Exercise description: Output, word for word, the line that contains "this 2048×1365 image." and all lines following it to the end of the listing. Drop the pictures.

───── Material provided

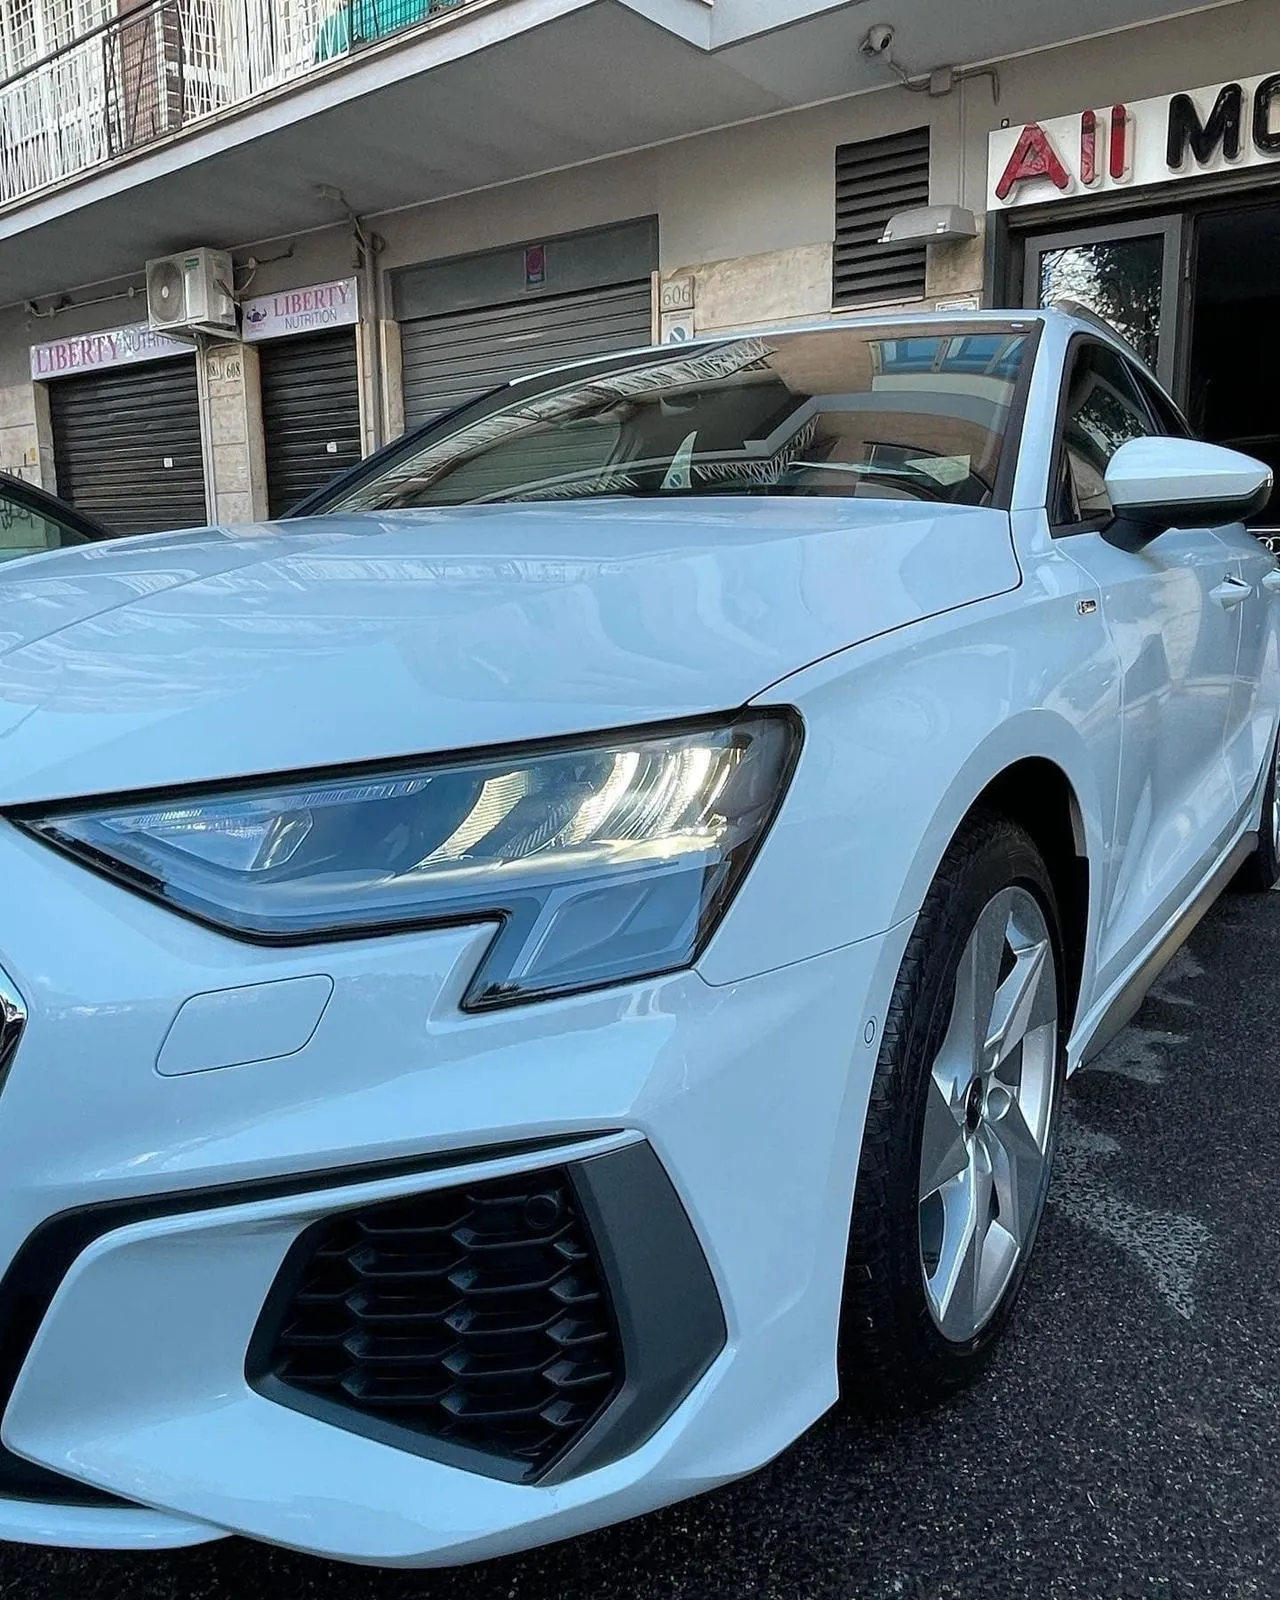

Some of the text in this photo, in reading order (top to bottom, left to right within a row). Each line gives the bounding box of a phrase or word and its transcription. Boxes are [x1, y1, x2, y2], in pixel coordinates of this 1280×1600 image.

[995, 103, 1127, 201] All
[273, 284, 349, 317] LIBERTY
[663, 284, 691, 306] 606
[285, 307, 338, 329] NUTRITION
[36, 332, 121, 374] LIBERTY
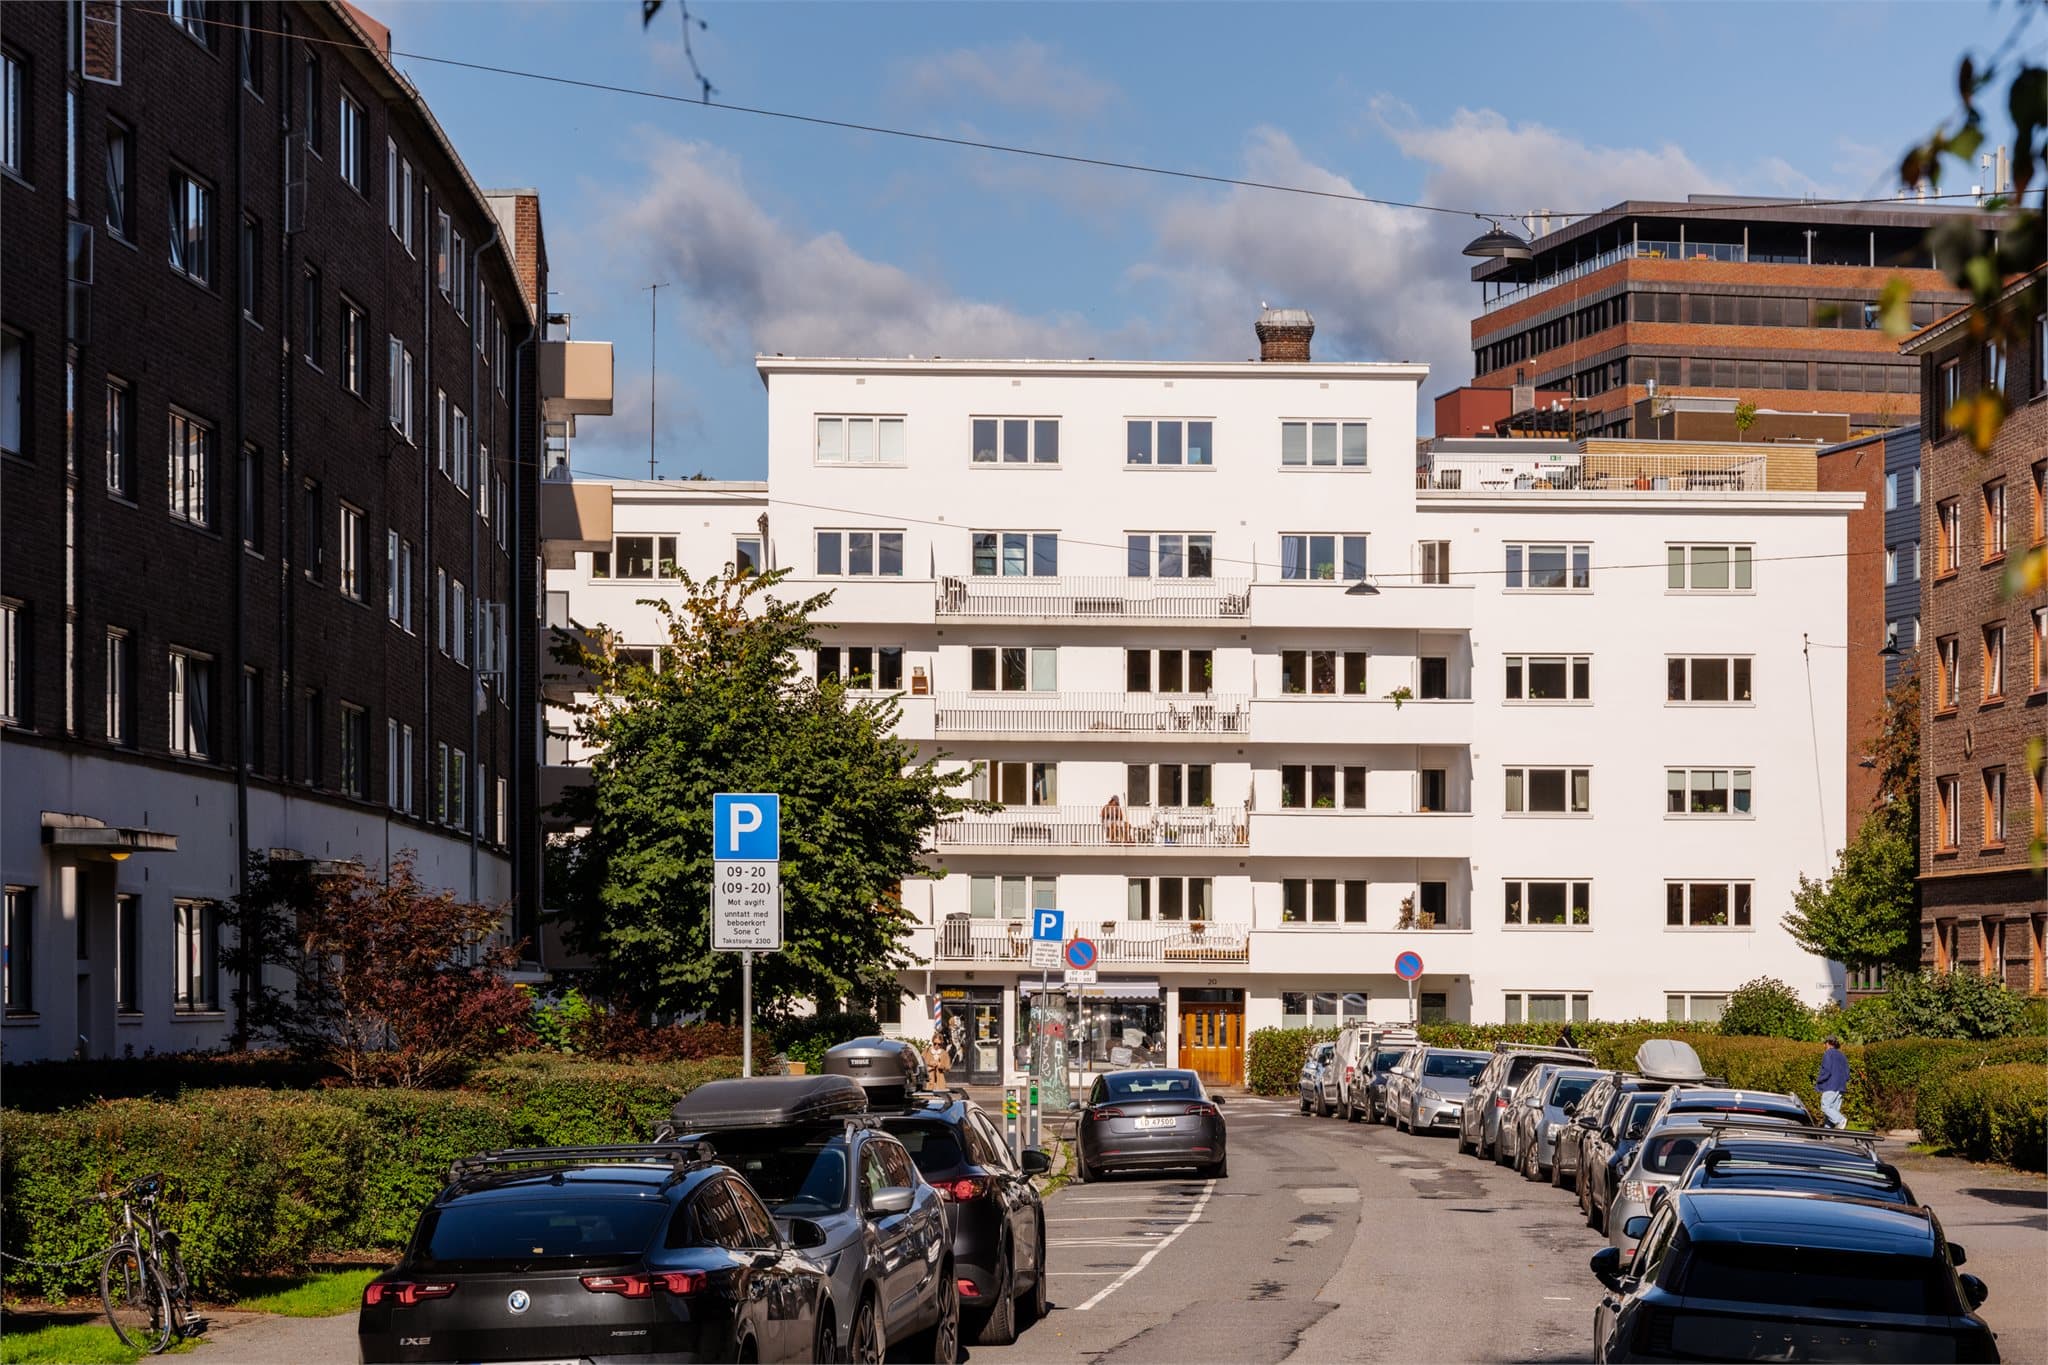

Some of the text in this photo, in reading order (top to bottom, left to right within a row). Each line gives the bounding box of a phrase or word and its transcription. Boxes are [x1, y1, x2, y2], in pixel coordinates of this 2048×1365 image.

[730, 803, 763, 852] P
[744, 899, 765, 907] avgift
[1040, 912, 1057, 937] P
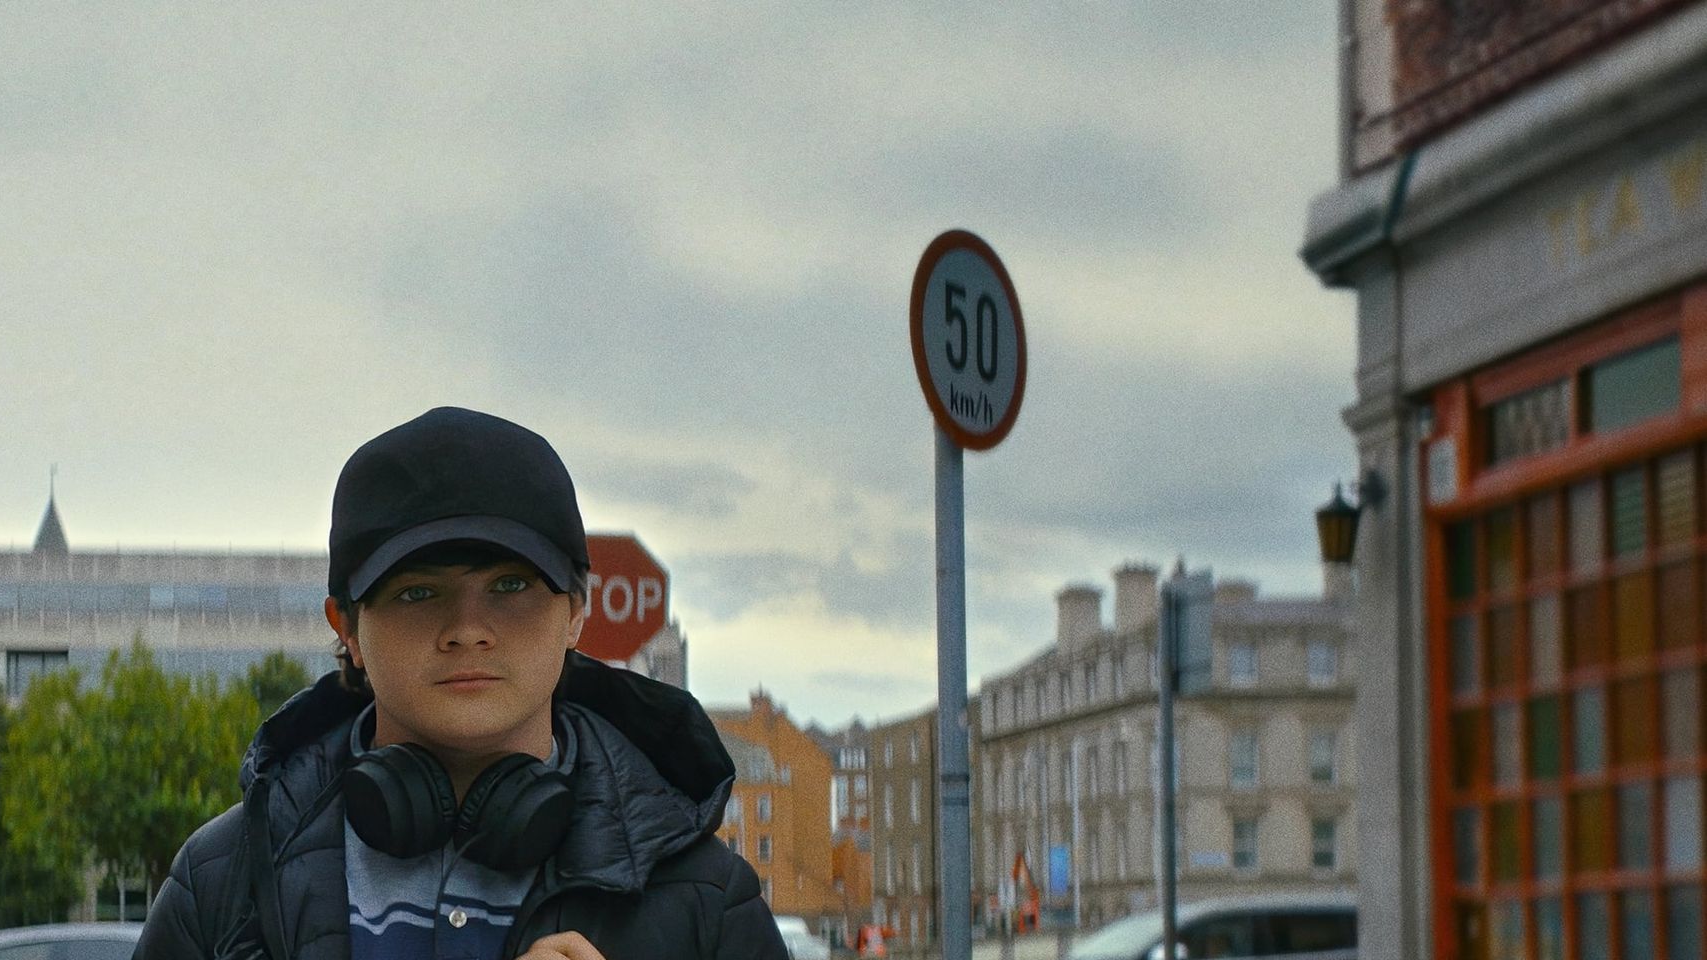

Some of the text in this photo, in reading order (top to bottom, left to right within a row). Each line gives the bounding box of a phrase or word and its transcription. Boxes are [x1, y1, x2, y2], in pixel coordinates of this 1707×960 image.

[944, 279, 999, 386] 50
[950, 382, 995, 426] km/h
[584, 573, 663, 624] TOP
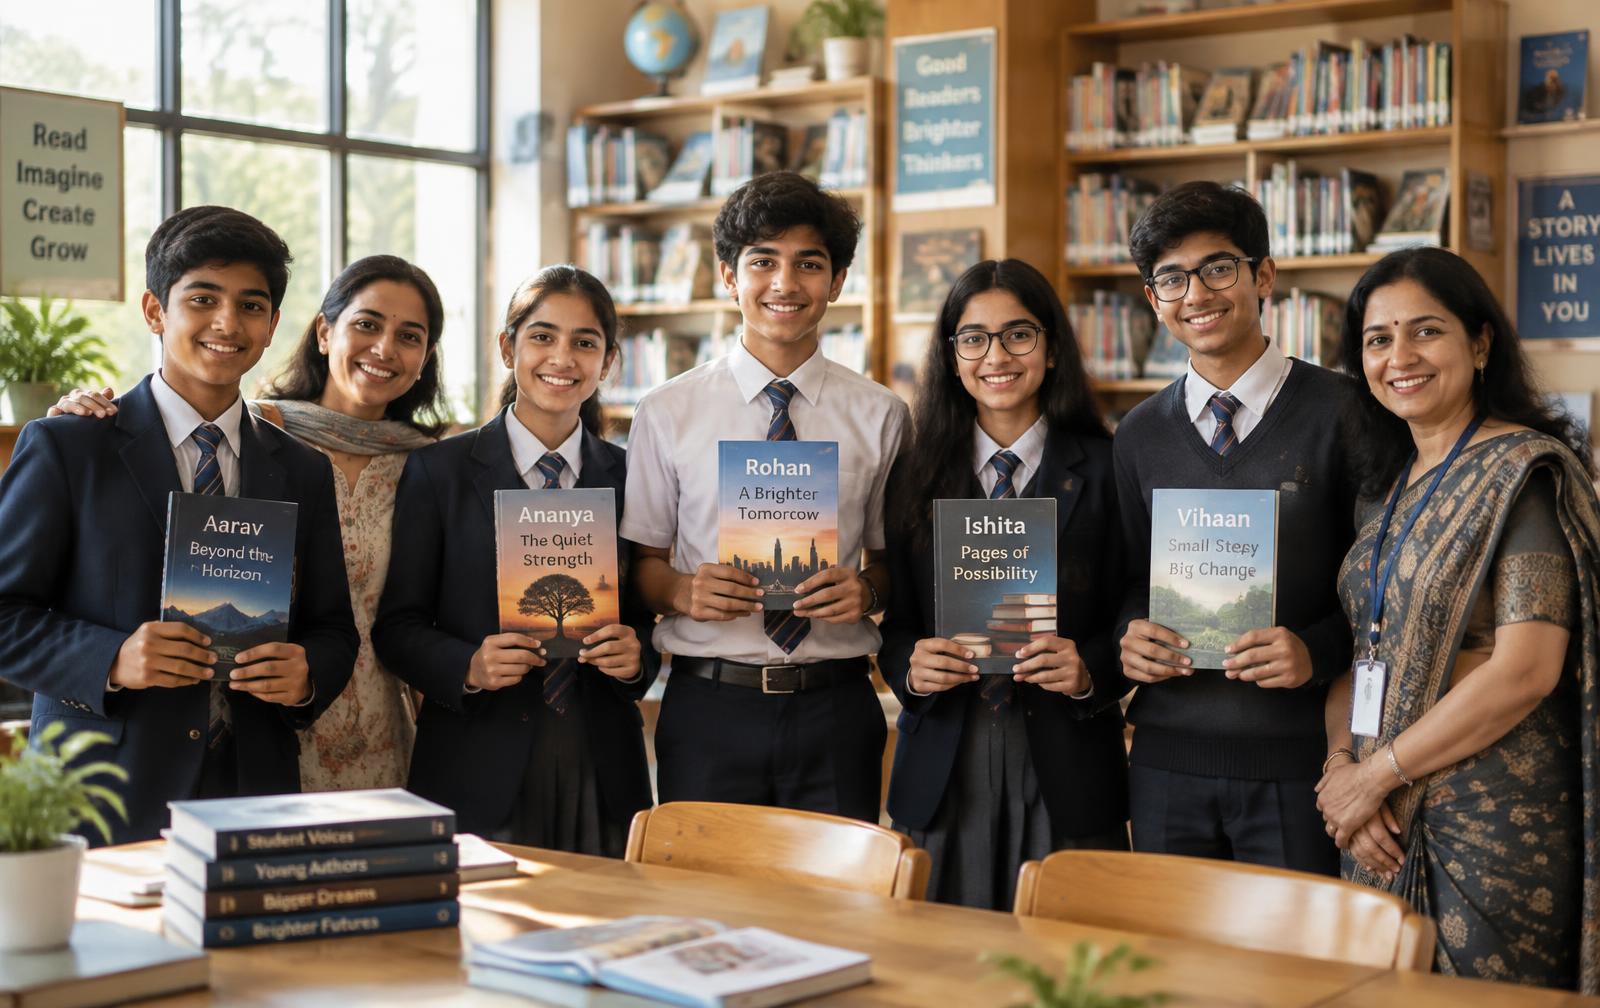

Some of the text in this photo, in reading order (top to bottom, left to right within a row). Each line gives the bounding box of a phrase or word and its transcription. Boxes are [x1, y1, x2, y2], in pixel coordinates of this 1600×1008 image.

──────────

Finished exercise:
Some of the text in this photo, in reading order (top to bottom, left to right within a row). Each line gives the bounding box of a phrase or word and its transcription. Boxes are [x1, y1, x2, y2], in pixel coordinates of this 2048×1365 image.

[730, 803, 763, 852] P
[744, 899, 765, 907] avgift
[1040, 912, 1057, 937] P

Some of the text in this photo, in reading order (top to bottom, left to right within a row). Each line gives the bounding box of a phrase or word and its transcription. Boxes are [x1, y1, x2, y2], in pixel coordinates of this 1707×960 image.

[944, 279, 999, 386] 50
[950, 382, 995, 426] km/h
[584, 573, 663, 624] TOP

Some of the text in this photo, in reading order (top to bottom, left to right within a row). Each line gives the bounding box of a phrase or word and its transcription. Boxes are [x1, y1, x2, y2], in pixel coordinates of this 1600×1008 image.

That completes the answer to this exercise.